[Saved entries]

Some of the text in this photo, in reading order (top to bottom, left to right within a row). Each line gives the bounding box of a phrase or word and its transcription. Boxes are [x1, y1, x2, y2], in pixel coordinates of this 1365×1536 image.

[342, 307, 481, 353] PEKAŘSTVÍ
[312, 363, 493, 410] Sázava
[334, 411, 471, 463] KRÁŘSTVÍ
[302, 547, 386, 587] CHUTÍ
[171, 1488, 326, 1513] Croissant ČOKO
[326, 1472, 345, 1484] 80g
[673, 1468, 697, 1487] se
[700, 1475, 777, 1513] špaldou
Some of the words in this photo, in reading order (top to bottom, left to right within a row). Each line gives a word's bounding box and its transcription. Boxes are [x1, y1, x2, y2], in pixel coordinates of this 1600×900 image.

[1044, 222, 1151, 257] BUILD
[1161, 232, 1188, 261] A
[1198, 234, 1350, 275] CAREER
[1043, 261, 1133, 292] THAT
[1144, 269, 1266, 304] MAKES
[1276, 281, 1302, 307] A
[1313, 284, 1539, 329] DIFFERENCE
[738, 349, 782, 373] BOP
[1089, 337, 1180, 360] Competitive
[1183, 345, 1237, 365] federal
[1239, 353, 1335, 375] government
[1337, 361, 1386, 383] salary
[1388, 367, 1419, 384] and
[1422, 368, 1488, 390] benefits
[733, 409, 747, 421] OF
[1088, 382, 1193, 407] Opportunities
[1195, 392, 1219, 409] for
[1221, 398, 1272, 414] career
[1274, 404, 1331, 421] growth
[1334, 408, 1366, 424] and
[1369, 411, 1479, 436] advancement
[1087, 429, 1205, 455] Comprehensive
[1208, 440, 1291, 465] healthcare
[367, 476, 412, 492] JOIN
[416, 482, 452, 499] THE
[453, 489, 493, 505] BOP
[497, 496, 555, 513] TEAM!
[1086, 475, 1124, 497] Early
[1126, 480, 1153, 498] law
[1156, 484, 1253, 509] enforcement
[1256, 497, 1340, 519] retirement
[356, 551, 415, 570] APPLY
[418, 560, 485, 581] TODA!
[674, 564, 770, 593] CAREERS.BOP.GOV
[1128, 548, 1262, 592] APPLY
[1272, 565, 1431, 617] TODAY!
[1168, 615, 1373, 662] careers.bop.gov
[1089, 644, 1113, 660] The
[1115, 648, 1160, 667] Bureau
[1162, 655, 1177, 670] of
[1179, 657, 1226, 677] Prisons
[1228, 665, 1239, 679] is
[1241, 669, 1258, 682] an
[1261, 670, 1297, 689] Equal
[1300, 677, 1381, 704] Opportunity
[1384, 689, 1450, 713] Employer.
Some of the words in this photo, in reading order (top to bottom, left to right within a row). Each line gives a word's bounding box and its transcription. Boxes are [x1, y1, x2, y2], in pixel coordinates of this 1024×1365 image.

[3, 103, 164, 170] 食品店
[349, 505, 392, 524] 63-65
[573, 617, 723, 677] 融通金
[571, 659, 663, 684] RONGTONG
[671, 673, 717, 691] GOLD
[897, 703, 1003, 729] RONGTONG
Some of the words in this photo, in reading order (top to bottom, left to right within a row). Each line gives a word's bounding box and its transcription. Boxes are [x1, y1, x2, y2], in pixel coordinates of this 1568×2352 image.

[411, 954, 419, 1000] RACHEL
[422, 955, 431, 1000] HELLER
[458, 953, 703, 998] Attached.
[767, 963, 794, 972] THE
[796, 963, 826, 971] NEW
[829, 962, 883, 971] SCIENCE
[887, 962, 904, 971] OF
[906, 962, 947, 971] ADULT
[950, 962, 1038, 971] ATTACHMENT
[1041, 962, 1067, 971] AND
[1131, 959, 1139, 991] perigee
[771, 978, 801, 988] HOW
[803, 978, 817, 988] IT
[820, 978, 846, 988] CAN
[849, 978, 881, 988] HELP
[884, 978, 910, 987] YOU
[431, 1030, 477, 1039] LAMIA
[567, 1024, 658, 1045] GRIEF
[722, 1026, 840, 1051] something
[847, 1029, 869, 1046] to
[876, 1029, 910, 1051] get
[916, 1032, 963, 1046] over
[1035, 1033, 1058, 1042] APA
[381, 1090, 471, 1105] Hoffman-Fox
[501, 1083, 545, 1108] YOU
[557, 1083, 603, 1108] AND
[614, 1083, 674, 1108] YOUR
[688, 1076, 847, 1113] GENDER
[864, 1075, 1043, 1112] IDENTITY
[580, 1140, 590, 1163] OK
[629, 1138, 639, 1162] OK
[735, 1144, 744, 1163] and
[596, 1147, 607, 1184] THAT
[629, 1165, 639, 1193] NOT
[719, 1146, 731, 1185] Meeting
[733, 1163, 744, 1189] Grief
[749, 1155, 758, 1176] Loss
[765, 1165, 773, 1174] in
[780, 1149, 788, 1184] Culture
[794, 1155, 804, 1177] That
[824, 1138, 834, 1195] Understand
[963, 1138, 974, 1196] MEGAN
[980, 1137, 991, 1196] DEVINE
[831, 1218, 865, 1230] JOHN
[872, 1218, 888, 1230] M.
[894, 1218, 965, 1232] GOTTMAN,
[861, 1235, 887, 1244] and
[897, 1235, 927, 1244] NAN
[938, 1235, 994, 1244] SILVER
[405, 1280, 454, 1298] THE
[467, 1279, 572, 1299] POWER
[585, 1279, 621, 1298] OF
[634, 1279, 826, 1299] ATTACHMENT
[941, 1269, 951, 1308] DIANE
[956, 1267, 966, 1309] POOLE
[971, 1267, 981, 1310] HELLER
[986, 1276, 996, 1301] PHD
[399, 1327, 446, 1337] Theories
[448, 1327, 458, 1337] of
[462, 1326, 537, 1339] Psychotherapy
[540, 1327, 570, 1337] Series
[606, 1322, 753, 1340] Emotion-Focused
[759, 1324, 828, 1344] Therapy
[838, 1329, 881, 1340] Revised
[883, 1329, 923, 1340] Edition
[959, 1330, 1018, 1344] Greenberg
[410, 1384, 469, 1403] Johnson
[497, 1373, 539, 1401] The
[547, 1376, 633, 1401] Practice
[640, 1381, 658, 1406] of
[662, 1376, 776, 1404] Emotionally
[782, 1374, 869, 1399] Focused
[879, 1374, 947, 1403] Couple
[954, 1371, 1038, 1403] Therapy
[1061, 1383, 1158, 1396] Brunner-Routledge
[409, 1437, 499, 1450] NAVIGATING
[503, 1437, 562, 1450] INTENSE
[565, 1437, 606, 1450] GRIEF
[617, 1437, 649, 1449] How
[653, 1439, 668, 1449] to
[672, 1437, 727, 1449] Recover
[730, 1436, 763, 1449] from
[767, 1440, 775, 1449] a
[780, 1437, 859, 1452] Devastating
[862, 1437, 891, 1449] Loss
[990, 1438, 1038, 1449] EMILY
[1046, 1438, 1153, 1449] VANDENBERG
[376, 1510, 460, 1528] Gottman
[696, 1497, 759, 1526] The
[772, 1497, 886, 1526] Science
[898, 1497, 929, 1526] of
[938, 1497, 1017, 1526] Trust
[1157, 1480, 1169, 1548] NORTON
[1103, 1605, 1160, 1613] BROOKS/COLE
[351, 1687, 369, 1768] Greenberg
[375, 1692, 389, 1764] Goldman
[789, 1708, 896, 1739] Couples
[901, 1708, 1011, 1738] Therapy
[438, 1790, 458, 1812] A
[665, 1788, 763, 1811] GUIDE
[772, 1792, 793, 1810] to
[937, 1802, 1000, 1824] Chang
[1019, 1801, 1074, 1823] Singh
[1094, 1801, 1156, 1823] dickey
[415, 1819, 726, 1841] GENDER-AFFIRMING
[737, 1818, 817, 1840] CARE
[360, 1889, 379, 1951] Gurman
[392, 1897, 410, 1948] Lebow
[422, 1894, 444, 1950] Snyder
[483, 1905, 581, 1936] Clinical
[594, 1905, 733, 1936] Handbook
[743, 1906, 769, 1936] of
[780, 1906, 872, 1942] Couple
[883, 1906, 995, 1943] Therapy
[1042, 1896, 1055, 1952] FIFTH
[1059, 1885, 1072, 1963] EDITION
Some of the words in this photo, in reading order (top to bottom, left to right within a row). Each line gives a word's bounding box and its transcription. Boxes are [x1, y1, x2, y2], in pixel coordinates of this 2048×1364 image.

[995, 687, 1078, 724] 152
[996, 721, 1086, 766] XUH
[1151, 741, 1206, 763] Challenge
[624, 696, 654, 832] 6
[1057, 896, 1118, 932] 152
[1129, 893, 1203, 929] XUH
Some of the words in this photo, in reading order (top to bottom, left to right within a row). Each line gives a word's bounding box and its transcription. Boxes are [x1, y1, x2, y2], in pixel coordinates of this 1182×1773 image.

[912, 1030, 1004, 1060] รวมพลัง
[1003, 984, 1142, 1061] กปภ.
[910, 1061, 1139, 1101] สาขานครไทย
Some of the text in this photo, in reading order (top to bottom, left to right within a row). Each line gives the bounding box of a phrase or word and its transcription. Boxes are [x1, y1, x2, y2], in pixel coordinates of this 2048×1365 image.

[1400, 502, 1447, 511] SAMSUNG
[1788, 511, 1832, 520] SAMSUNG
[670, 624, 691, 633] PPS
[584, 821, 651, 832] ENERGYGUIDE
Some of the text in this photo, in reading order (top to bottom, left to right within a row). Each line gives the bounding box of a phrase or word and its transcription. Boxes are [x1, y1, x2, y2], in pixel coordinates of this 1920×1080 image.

### EXERCISE REQUIREMENTS
Set down the line that contains "this 1182×1773 image." exactly. Do the same for each later line of the data, through the end, and add nothing.

### SOLUTION
Some of the words in this photo, in reading order (top to bottom, left to right within a row). Each line gives a word's bounding box and its transcription. Boxes are [x1, y1, x2, y2], in pixel coordinates of this 1182×1773 image.

[912, 1030, 1004, 1060] รวมพลัง
[1003, 984, 1142, 1061] กปภ.
[910, 1061, 1139, 1101] สาขานครไทย
Some of the text in this photo, in reading order (top to bottom, left to right within a row). Each line gives the bounding box of a phrase or word and its transcription. Boxes are [x1, y1, x2, y2], in pixel coordinates of this 2048×1365 image.

[1400, 502, 1447, 511] SAMSUNG
[1788, 511, 1832, 520] SAMSUNG
[670, 624, 691, 633] PPS
[584, 821, 651, 832] ENERGYGUIDE
Some of the text in this photo, in reading order (top to bottom, left to right within a row). Each line gives the bounding box of a phrase or word and its transcription. Boxes are [x1, y1, x2, y2], in pixel coordinates of this 1920×1080 image.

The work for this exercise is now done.